Law Professor Wins Theology Award for Book on Religion in Public Life : Honors: Yale educator receives $150,000 prize for book that says 1st Amendment separation of church and state is stifling spiritual debate in the nation.
In a break with tradition that may signal the rising importance of religion in public life, a prominent Yale University law professor has become the first non-theologian to win the Louisville Grawemeyer Award in Religion.
Stephen Carter won the award for “The Culture of Disbelief: How American Law and Politics Trivialize Religious Devotion,” published in 1993 by Basic Books.
The award carries a prize of $150,000 and is jointly given by the Louisville Presbyterian Theological Seminary and the University of Louisville.

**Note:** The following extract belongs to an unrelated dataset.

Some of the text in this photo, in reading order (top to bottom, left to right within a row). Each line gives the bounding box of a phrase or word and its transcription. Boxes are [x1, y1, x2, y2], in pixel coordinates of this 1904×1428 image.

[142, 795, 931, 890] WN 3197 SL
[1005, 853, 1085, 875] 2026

Established in 1990 to honor insights into the relationship between humans and the divine, it is named for the late Louisville industrialist Charles Grawemeyer, a Presbyterian layman.
Why a law professor’s treatise on constitutional issues should win a prize for theology is not obvious at first, said David Hester, professor of Christian education at Louisville Presbyterian Theological Seminary and administrator of the Grawemeyer Award.

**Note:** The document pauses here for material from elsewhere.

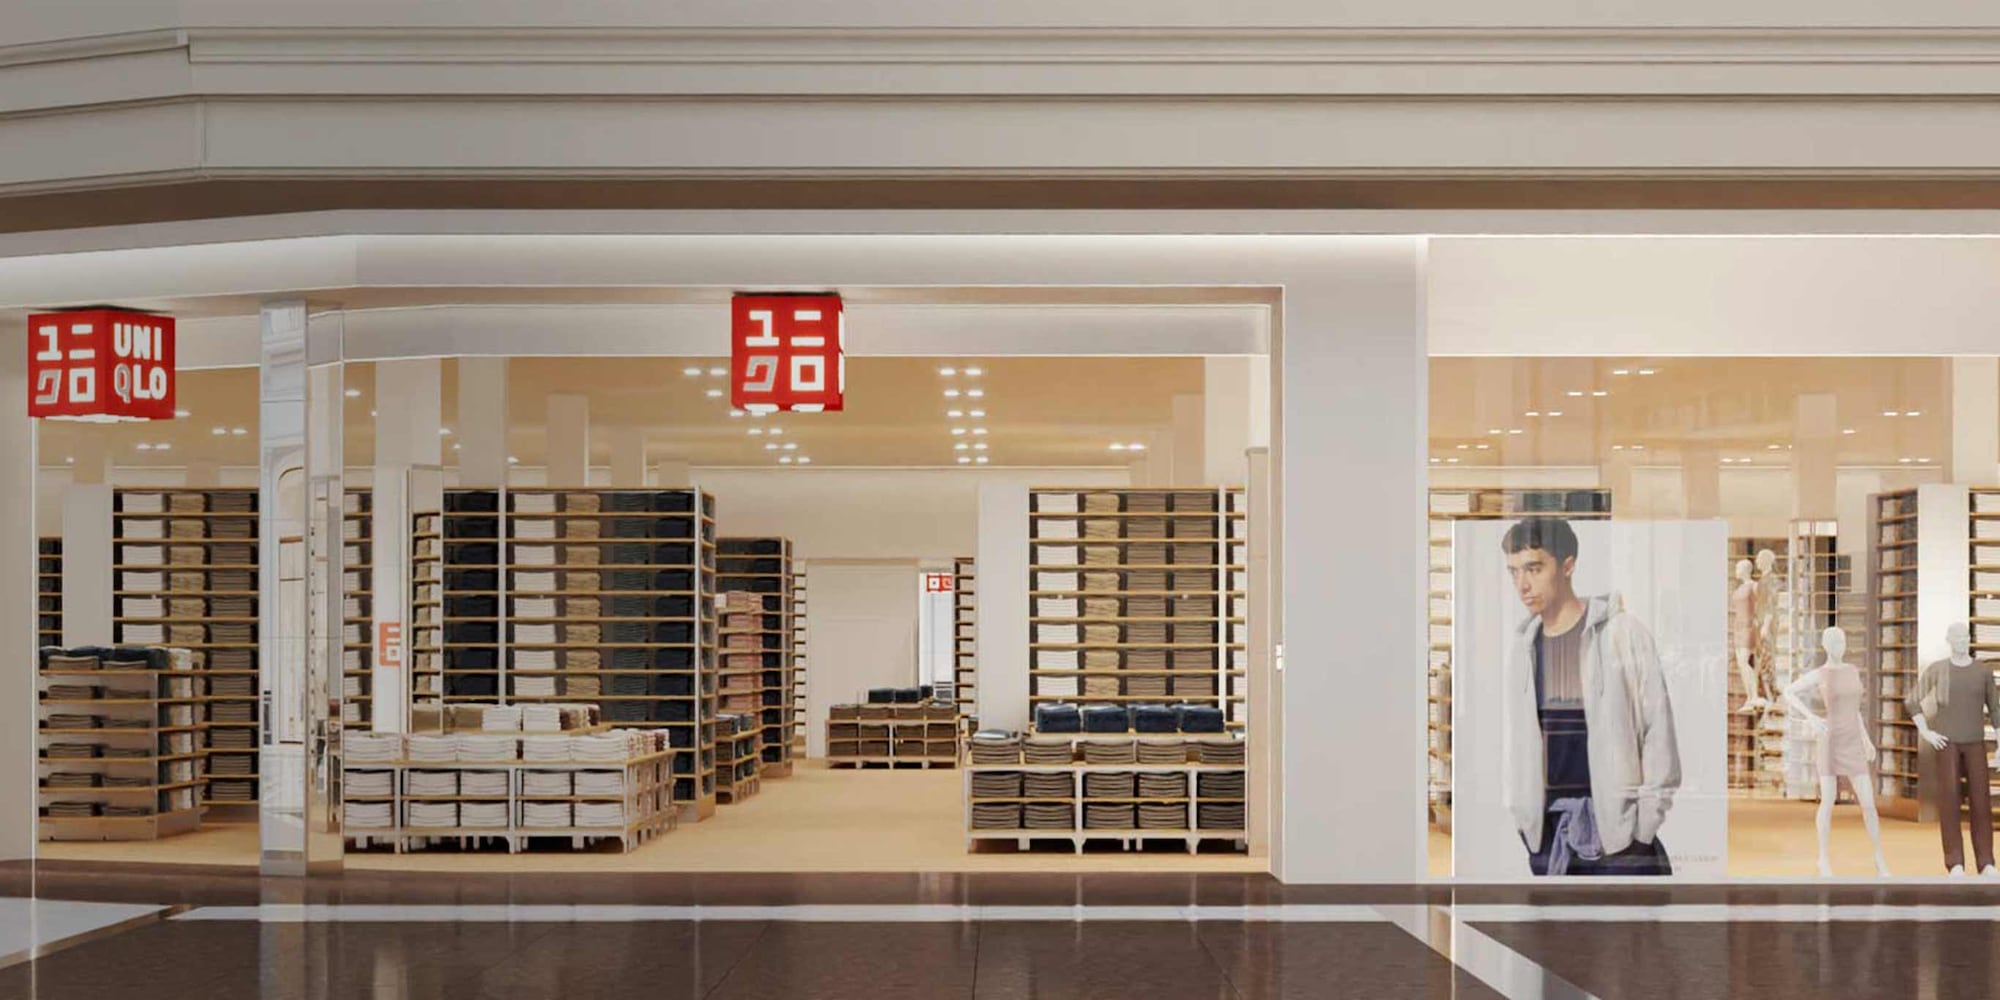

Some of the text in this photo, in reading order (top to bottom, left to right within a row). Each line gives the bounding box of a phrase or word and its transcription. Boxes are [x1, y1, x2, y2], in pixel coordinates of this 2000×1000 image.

[37, 324, 94, 361] ユニ
[114, 323, 162, 361] UNI
[744, 310, 825, 347] ユニ
[114, 363, 167, 404] QLO

But, Hester said, the award is not so much for Carter’s book but for the professor’s contention that faith and religious values have a rightful place in the public debate.
Carter writes that the U.S. Supreme Court has silenced the religious debate by treating the First Amendment as if it protects the state from the church rather than the other way around has resulted in a silencing of debate about religion and public issues. Religion, in Carter’s view, has come to be regarded in contemporary America as a hobby, rather than as a defining force in people’s lives.
Hester said the judges felt it was significant that Carter--an Episcopalian layman--writes not as a theologian, but as an active member of his church and as a professional committed to the law.
“This book is more or less representative of what he (Carter) would like to see happen: that all sorts of professionals not in the field of religion engage in the reflection of religious values and public life,” Hester said.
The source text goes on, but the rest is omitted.